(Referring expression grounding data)
= = = =
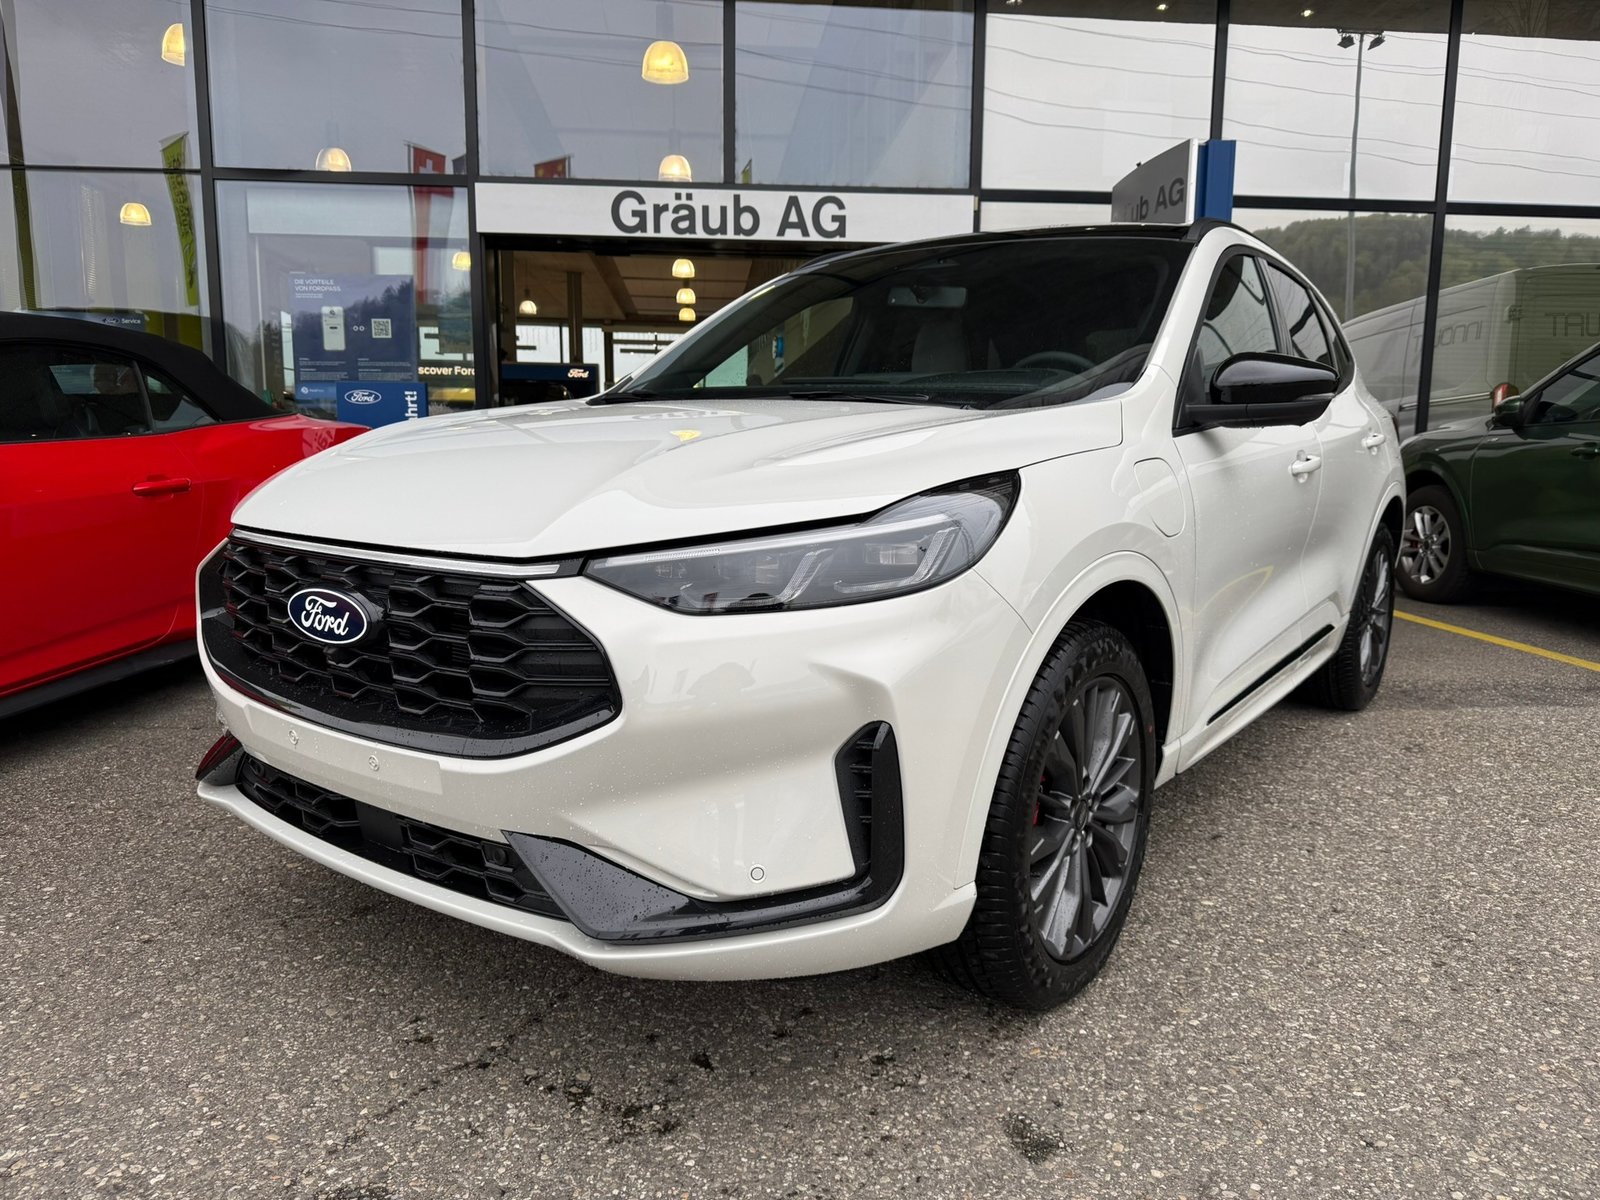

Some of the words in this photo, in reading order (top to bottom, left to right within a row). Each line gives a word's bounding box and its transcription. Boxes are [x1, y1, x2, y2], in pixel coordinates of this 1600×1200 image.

[611, 190, 760, 235] Gräub
[776, 196, 847, 238] AG
[1154, 177, 1185, 214] AG
[418, 366, 452, 375] scover
[568, 368, 589, 378] Ford
[301, 596, 350, 635] Ford
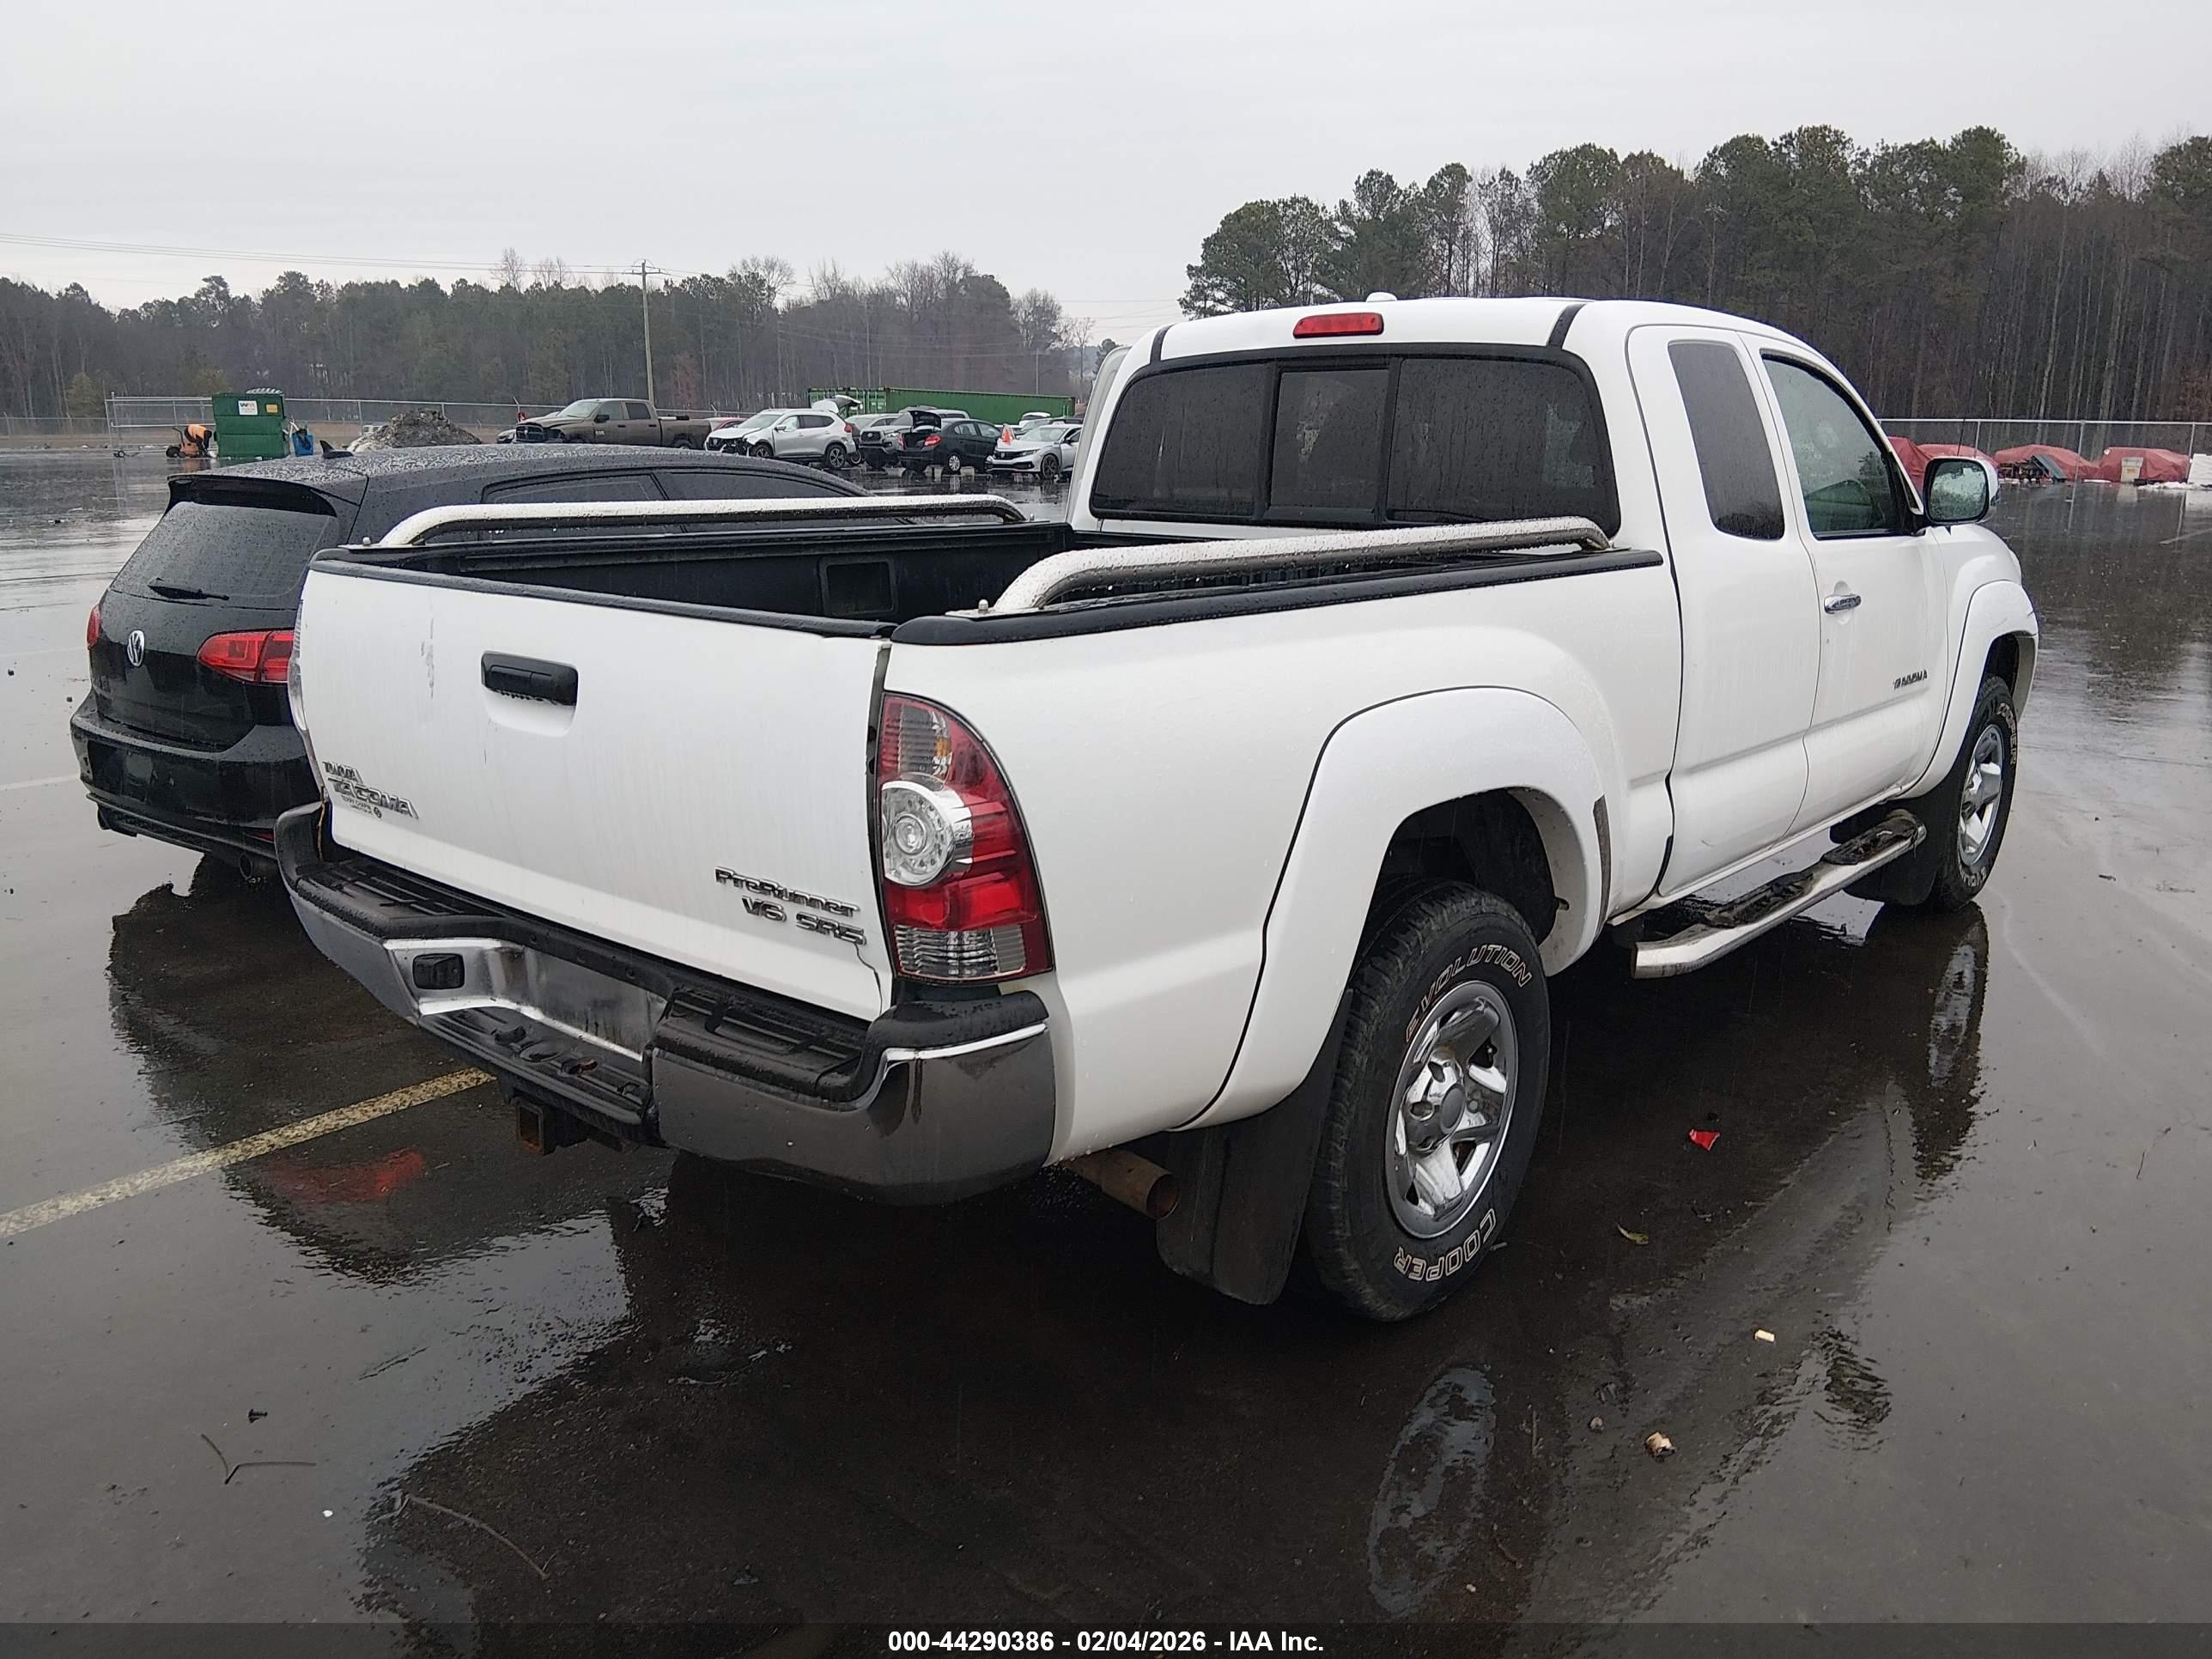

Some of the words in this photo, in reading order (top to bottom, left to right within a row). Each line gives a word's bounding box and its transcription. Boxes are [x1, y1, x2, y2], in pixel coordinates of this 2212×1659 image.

[327, 775, 420, 819] TACOMA
[741, 895, 787, 922] V6
[795, 911, 868, 945] SR5
[1405, 945, 1533, 1045] EVOLUTION
[1392, 1207, 1497, 1282] COOPER
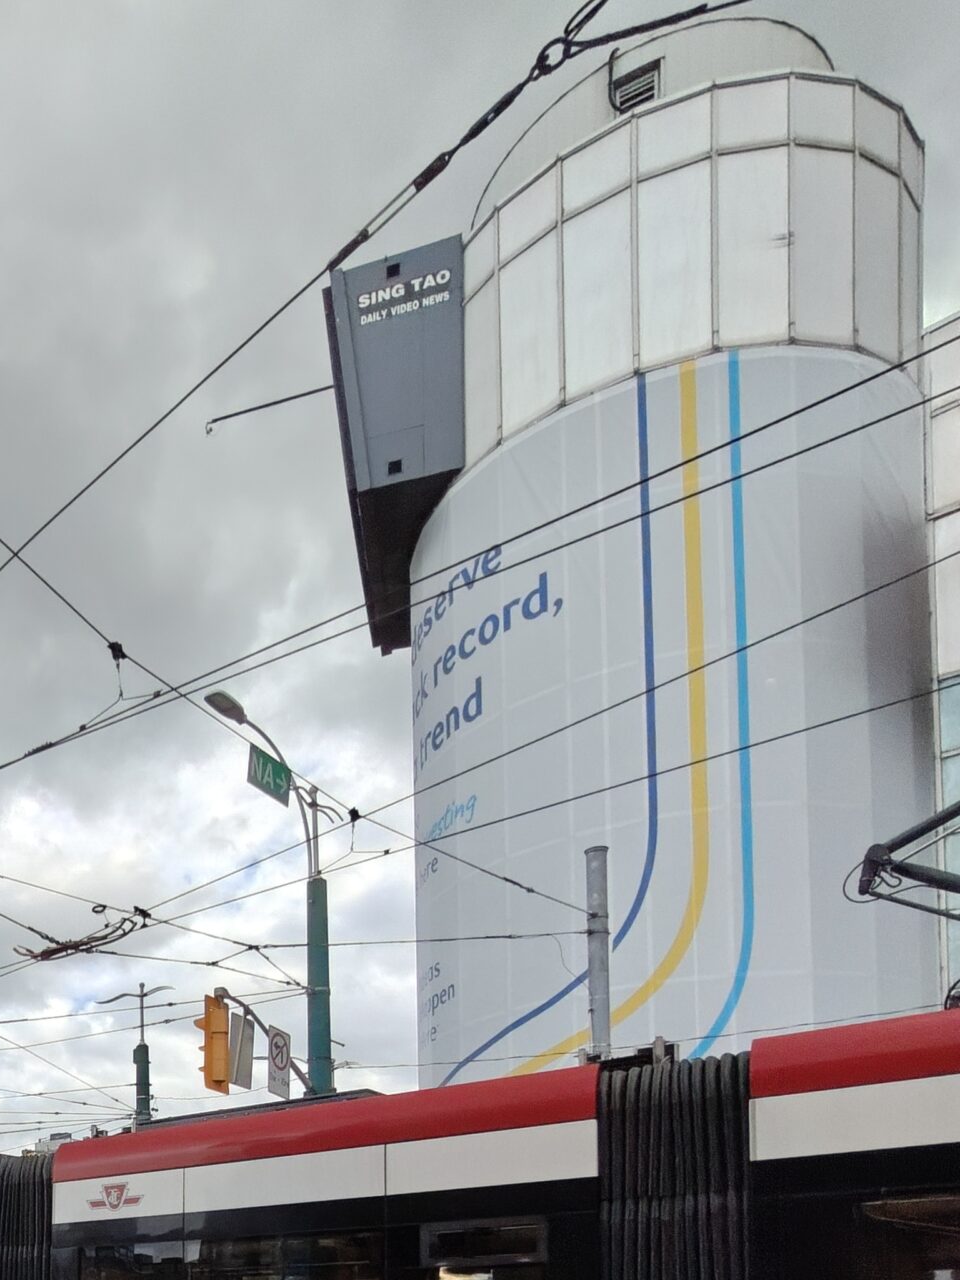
= = = =
* WHAT YOU HAVE TO DO
In your copy of the records above, include every line exactly but no pictures.

* ANSWER SECTION
Some of the words in this photo, in reading order (top to bottom, left to right within a row). Each line gives a word's bounding box and its transcription. Boxes are [x1, y1, x2, y2], in pixel coordinates of this 1600×1200 image.

[611, 190, 760, 235] Gräub
[776, 196, 847, 238] AG
[1154, 177, 1185, 214] AG
[418, 366, 452, 375] scover
[568, 368, 589, 378] Ford
[301, 596, 350, 635] Ford

Some of the words in this photo, in reading order (top to bottom, left to right within a row). Each line gives a word's bounding box and its transcription. Boxes are [x1, y1, x2, y2], in pixel coordinates of this 2212×1659 image.

[327, 775, 420, 819] TACOMA
[741, 895, 787, 922] V6
[795, 911, 868, 945] SR5
[1405, 945, 1533, 1045] EVOLUTION
[1392, 1207, 1497, 1282] COOPER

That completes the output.